The records START

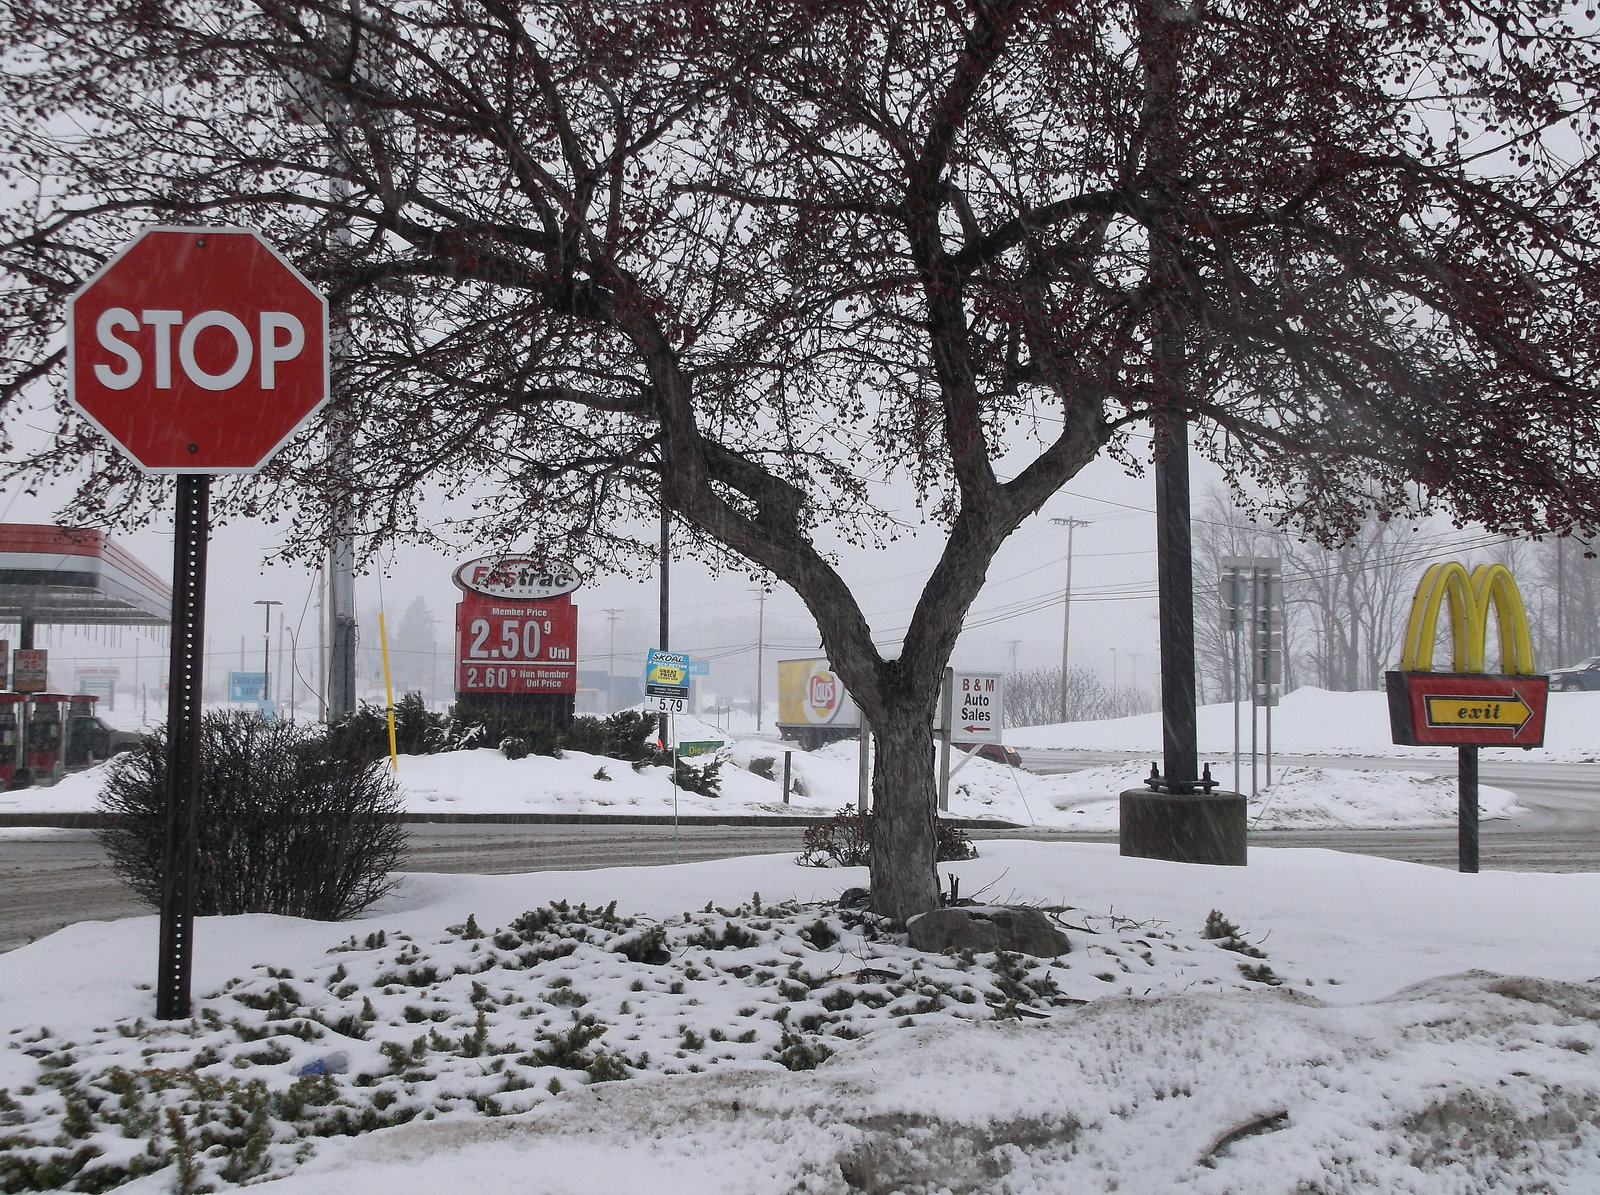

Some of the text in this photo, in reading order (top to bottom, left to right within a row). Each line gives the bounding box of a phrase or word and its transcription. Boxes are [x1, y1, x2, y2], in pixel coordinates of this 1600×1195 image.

[93, 307, 305, 391] STOP
[492, 608, 548, 617] Member Price
[470, 618, 542, 659] 2.50
[653, 652, 684, 662] SKOAL
[468, 667, 508, 688] 2.60
[520, 670, 536, 678] Non
[538, 670, 570, 679] Member
[541, 680, 562, 688] Price
[962, 678, 995, 692] B & M
[659, 698, 683, 712] 5.79
[964, 693, 990, 707] Auto
[961, 708, 991, 722] Sales
[1457, 704, 1501, 720] exit
[688, 746, 708, 754] Dies

The records END

Return each line from the material above exactly, but not the pictures.

Some of the text in this photo, in reading order (top to bottom, left to right within a row). Each line gives the bounding box of a phrase or word and its transcription. Boxes are [x1, y1, x2, y2], in pixel coordinates of this 1600×1195 image.

[93, 307, 305, 391] STOP
[492, 608, 548, 617] Member Price
[470, 618, 542, 659] 2.50
[653, 652, 684, 662] SKOAL
[468, 667, 508, 688] 2.60
[520, 670, 536, 678] Non
[538, 670, 570, 679] Member
[541, 680, 562, 688] Price
[962, 678, 995, 692] B & M
[659, 698, 683, 712] 5.79
[964, 693, 990, 707] Auto
[961, 708, 991, 722] Sales
[1457, 704, 1501, 720] exit
[688, 746, 708, 754] Dies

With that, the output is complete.